Captured by the emerging music culture ("music is my frame of reference for everything") that made one want to twist and shout, Jamie plunges head on into a multitude of relationships, having a beer with Paul McCartney, arguing with Bob Dylan, falling hopelessly, as a "liberated ex-lesbian," for two very different men, Phil (P.F.) Sloan and the love of her life, Gene Clark ("one of The Byrds…. I couldn't even think straight").

The stories are told in "Following Breadcrumbs: Tales Of A Rock And Roll Girl Child" ($13.99 in paperback from iUniverse; also for Amazon Kindle), a life of encounters more than coincidental. 

"One day," she writes, thinking of her parents, "I would discover I inherited the propensity toward self-sabotage in my own career. Not only that, I would attract and be attracted to other people that did the exact same thing." She is a fixer, wanting to save others from themselves. What could go wrong?
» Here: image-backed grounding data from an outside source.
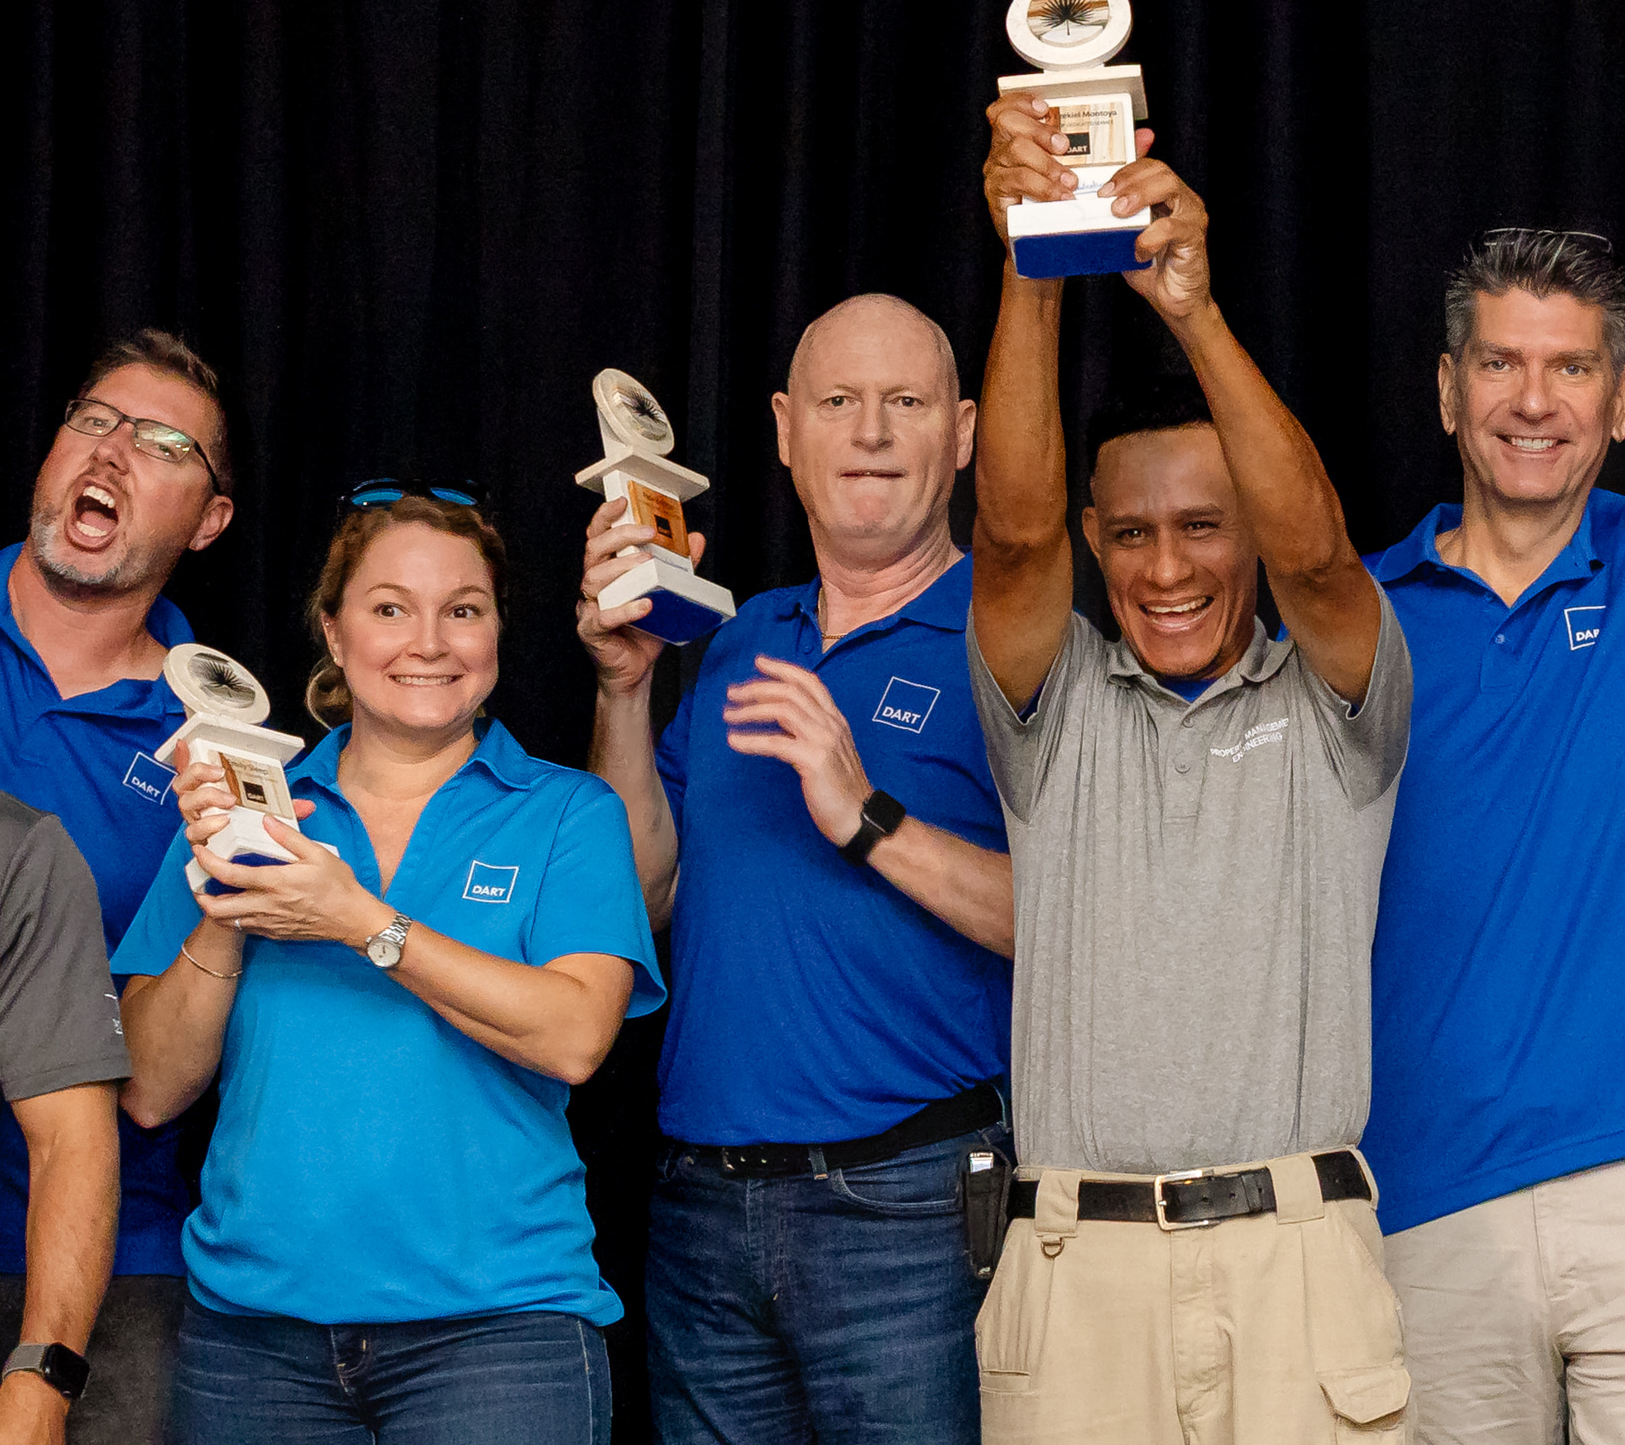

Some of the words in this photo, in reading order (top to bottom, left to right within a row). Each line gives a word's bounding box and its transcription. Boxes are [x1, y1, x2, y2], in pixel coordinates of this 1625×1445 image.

[1575, 628, 1600, 642] DAR
[881, 706, 922, 725] DART
[1244, 717, 1290, 740] MANAGEME
[131, 776, 162, 798] DART
[471, 885, 507, 897] DART
Johnston's prose draws the reader into an emotional world of fractured relationships, drugs and booze, bands and gigs and songwriting and learning to surf, pregnancies lost, hidden illnesses and deaths, and living arrangements around the state, each chapter named by a lyric. 
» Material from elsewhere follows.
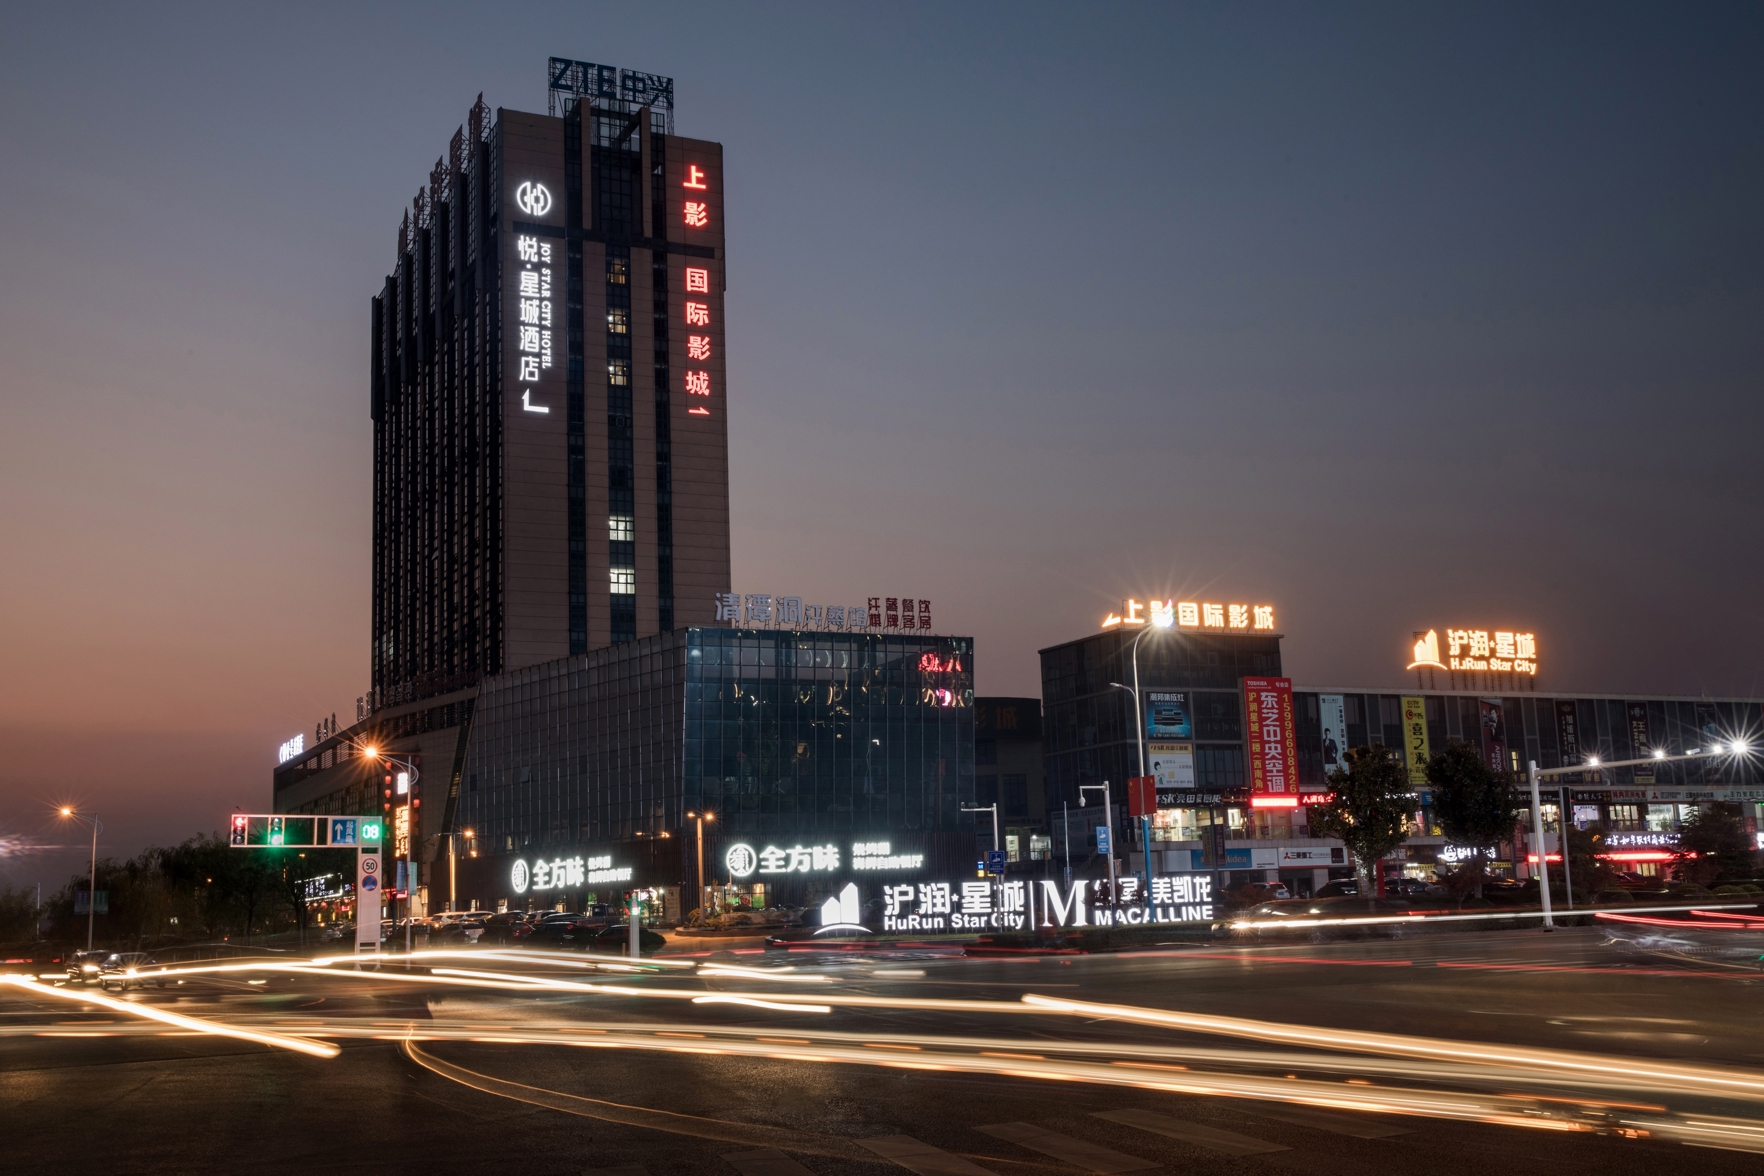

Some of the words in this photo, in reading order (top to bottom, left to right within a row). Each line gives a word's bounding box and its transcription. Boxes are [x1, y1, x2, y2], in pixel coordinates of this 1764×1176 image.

The final chapter, "Two Tickets to Paradise," brings Johnston to, well, Paradise--and the Camp Fire; she writes me that "I lost so many precious books (and music in every format) in the fire" but now she's "back up in Paradise, a new house on the old land."

"I must follow the breadcrumbs back, back to the beginning," she writes, "to see where I've been, and to see where I might be going." 

It's a wild, unforgettable and heartbreaking journey of self-discovery.